An Nigerian born American-based researcher, Dr. Falodun Bidemi Olumide has recorded breakthroughs in developing Nanoparticles which will be used to fight against bacteria and viruses in human bodies.
Nanoparticles, due to their unique size and properties, have emerged as powerful tools in combating bacterial and viral infections. Their significance in medical applications, particularly in killing bacteria and viruses within the human body, lies in their ability to enhance therapeutic efficacy and overcome limitations of traditional treatments. Here’s a detailed look at their roles and mechanisms.
In an exclusive interview with Nigerian Tribune, Olumide explained that Nanoparticles like silver, copper, and zinc oxide exhibit inherent antimicrobial properties. He said their small size and large surface area enhance their ability to interact with microbial cells.

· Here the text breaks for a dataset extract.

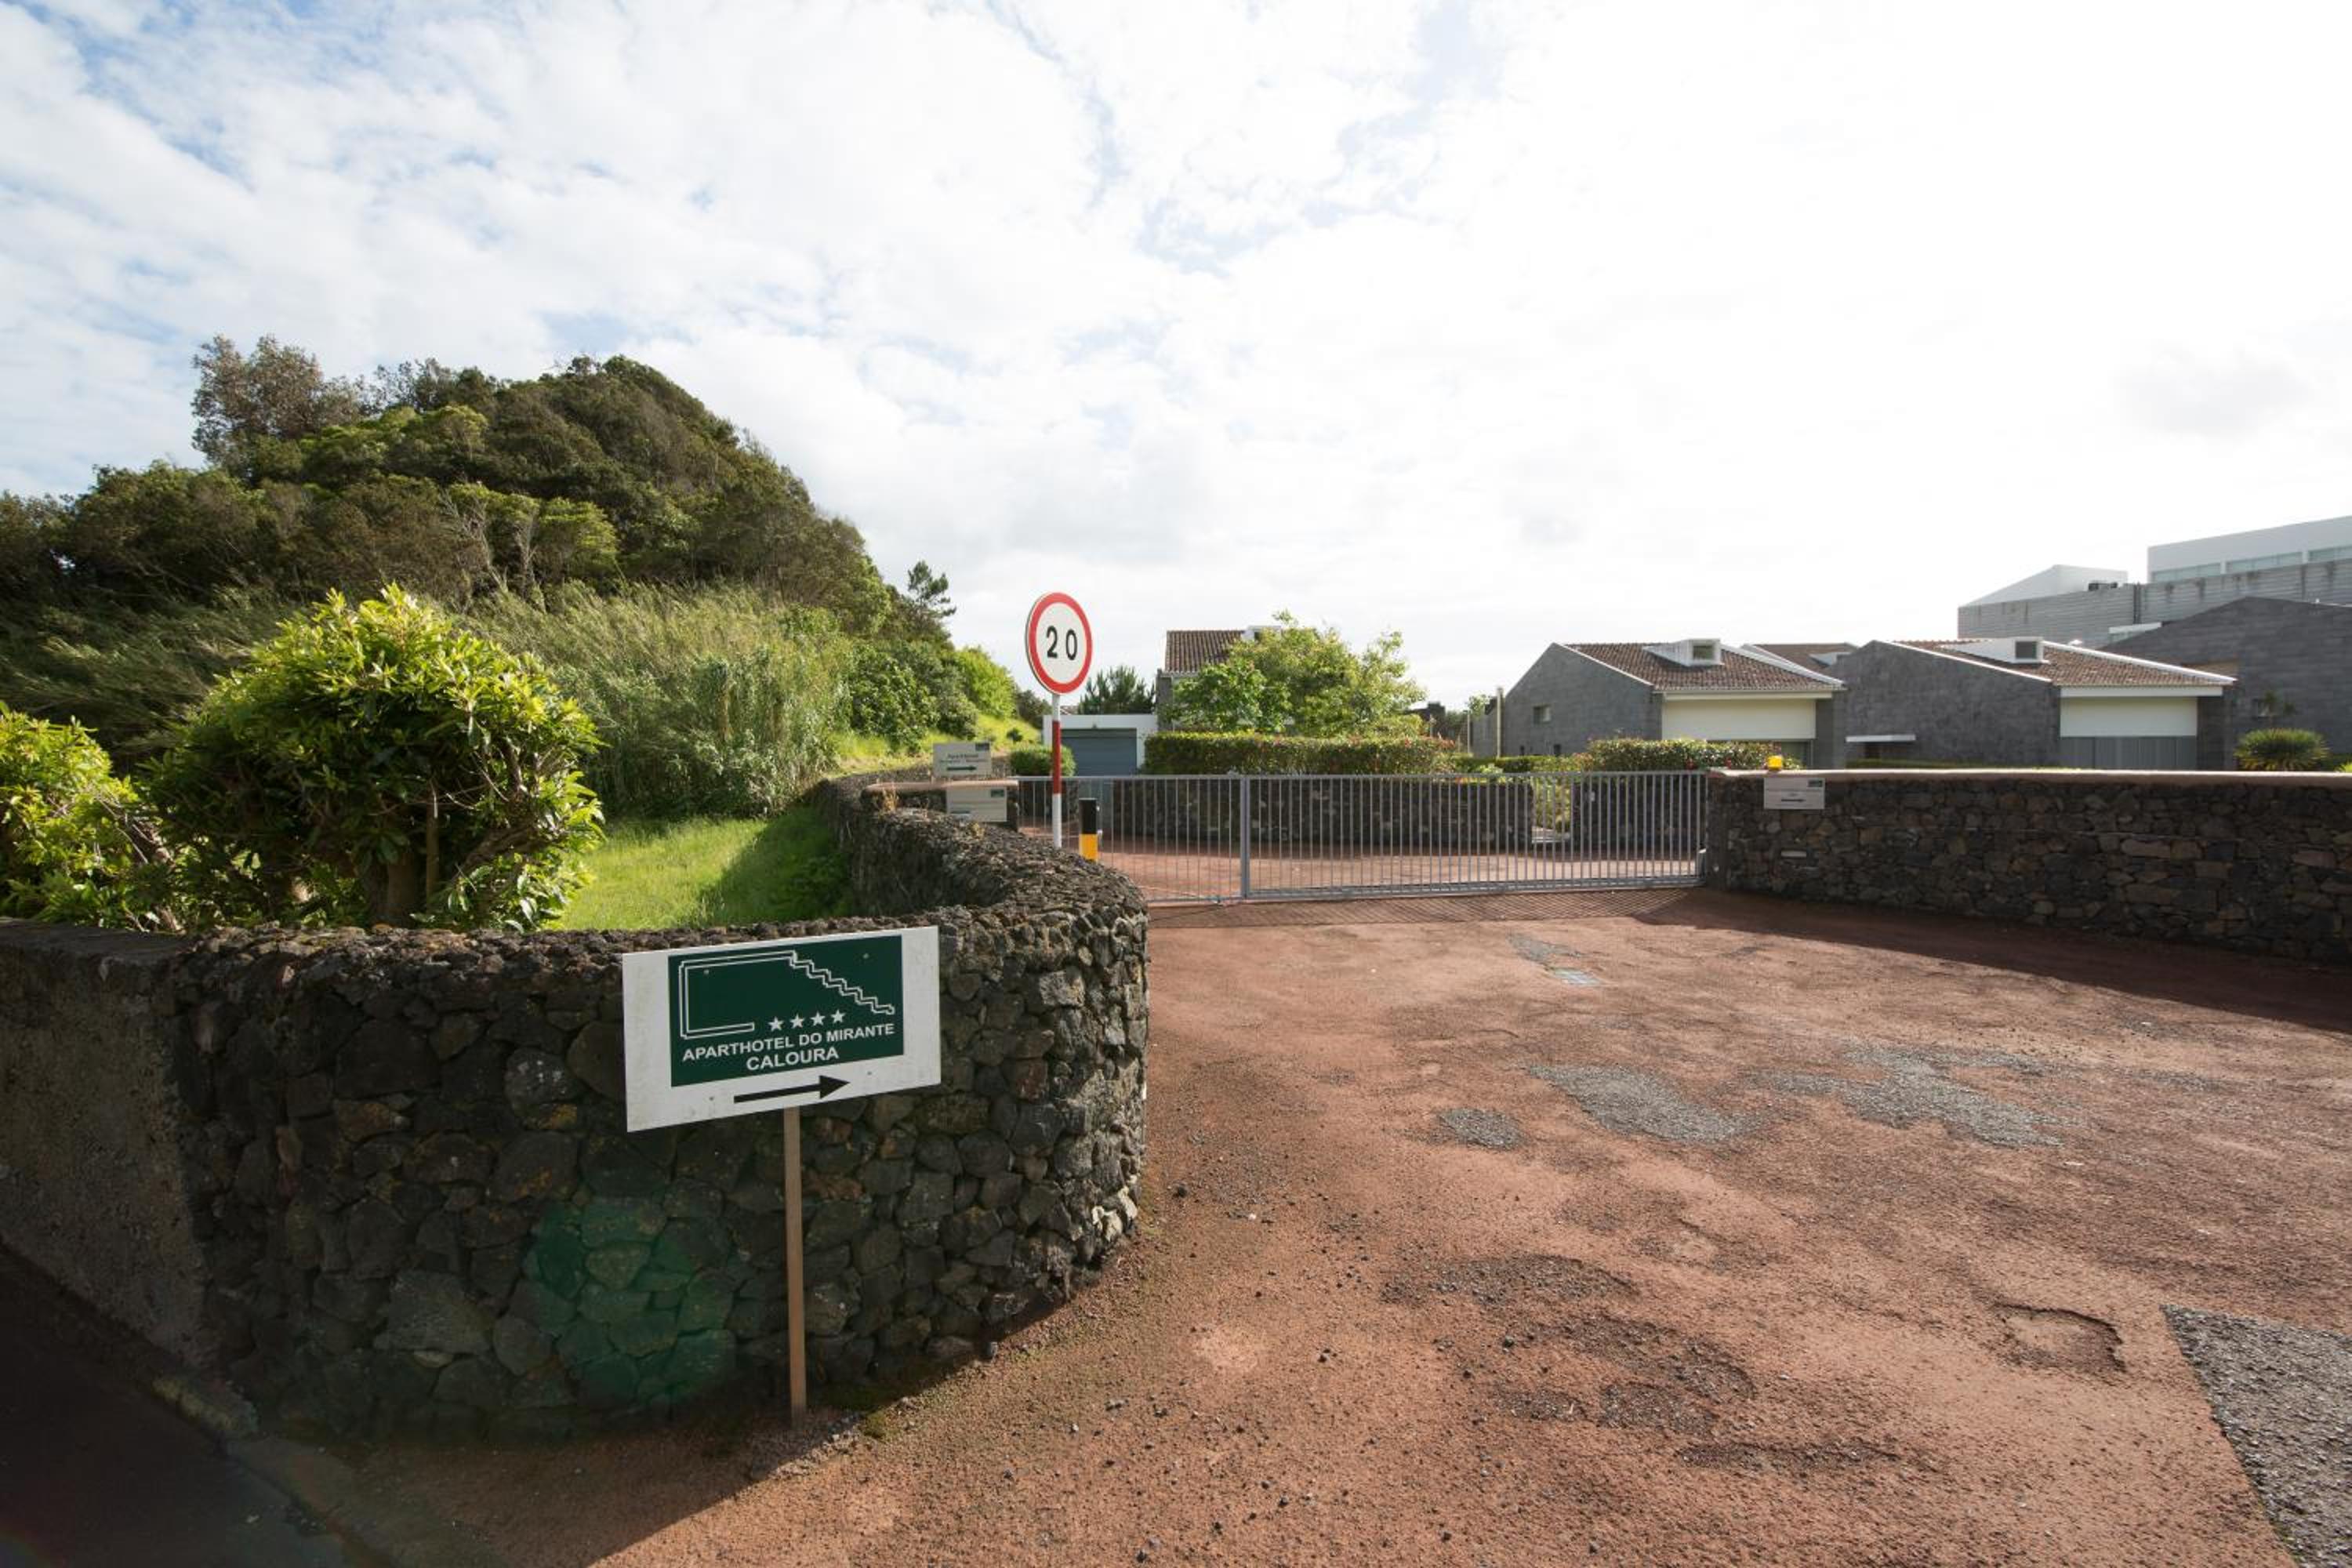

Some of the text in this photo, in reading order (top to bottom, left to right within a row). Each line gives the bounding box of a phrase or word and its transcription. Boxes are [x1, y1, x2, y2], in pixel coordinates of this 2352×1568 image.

“Nanoparticles can damage bacterial cell membranes, leading to cell leakage and death. Silver nanoparticles, for example, can adhere to bacterial membranes and disrupt their integrity. Certain nanoparticles can produce Reactive Oxygen Species upon exposure to light or in biological environments. These ROS cause oxidative stress, damaging bacterial DNA, proteins, and lipids, ultimately killing the bacteria.
“Nanoparticles can be engineered to deliver antibiotics directly to bacterial cells, enhancing the effectiveness of treatment while reducing side effects. By attaching specific ligands or antibodies to nanoparticles, they can selectively bind to bacterial cells, ensuring that the antimicrobial agents are delivered precisely where needed.
“Also, Nanoparticles can penetrate bacterial biofilms, which are typically resistant to conventional antibiotics, thereby improving the eradication of infections that are otherwise difficult to treat”, he explained.
Nanoparticles can also play a significant role in combating viral infections through various mechanisms. It can bind to viral particles, neutralizing them and preventing them from entering host cells.
“For instance, gold nanoparticles can be designed to interact with viral surface proteins, blocking the virus’s ability to infect cells. Secondly, Inhibition of Viral Replication due to some nanoparticles which interfere with viral replication processes. They can disrupt viral enzyme functions or inhibit the synthesis of viral proteins, reducing the virus’s ability to replicate and spread.
“Like bacterial infections, nanoparticles can be used to deliver antiviral drugs more effectively by improving drug stability. Nanoparticles can encapsulate antiviral drugs, protecting them from degradation and improving their stability. Nanoparticles can facilitate the delivery of antiviral drugs into target cells, increasing the concentration of the drug at the site of infection and enhancing therapeutic efficacy”, Olumide further explained.
Speaking on the advantages of this new finding, the Researcher said Nanoparticles can help address the growing problem of drug resistance by providing alternative mechanisms of action. Their ability to target bacteria and viruses differently than traditional antibiotics and antivirals can reduce the likelihood of resistance development.
“Because nanoparticles can be designed to target specific pathogens, they often result in fewer side effects compared to conventional treatments that may affect healthy cells as well. This targeted approach minimizes collateral damage and improves patient safety.
‘Nanoparticles can enhance the efficacy of treatments by improving drug solubility, stability, and bioavailability. Their ability to deliver therapeutic agents precisely to the site of infection ensures that higher concentrations of the drug reach the pathogen, leading to more effective treatment outcomes.
On the current and future applications, Olumide explained that Nanoparticle-based therapies are being explored in clinical settings for a range of infections. For example, silver nanoparticles are used in wound dressings to prevent bacterial infections, and research is ongoing into their potential for treating systemic infections”.
He added that researchers are actively investigating new types of nanoparticles and innovative methods for their application. This according to him includes exploring combinations of nanoparticles with other therapeutic modalities, such as immunotherapy or gene editing, to further enhance their effectiveness in treating infections.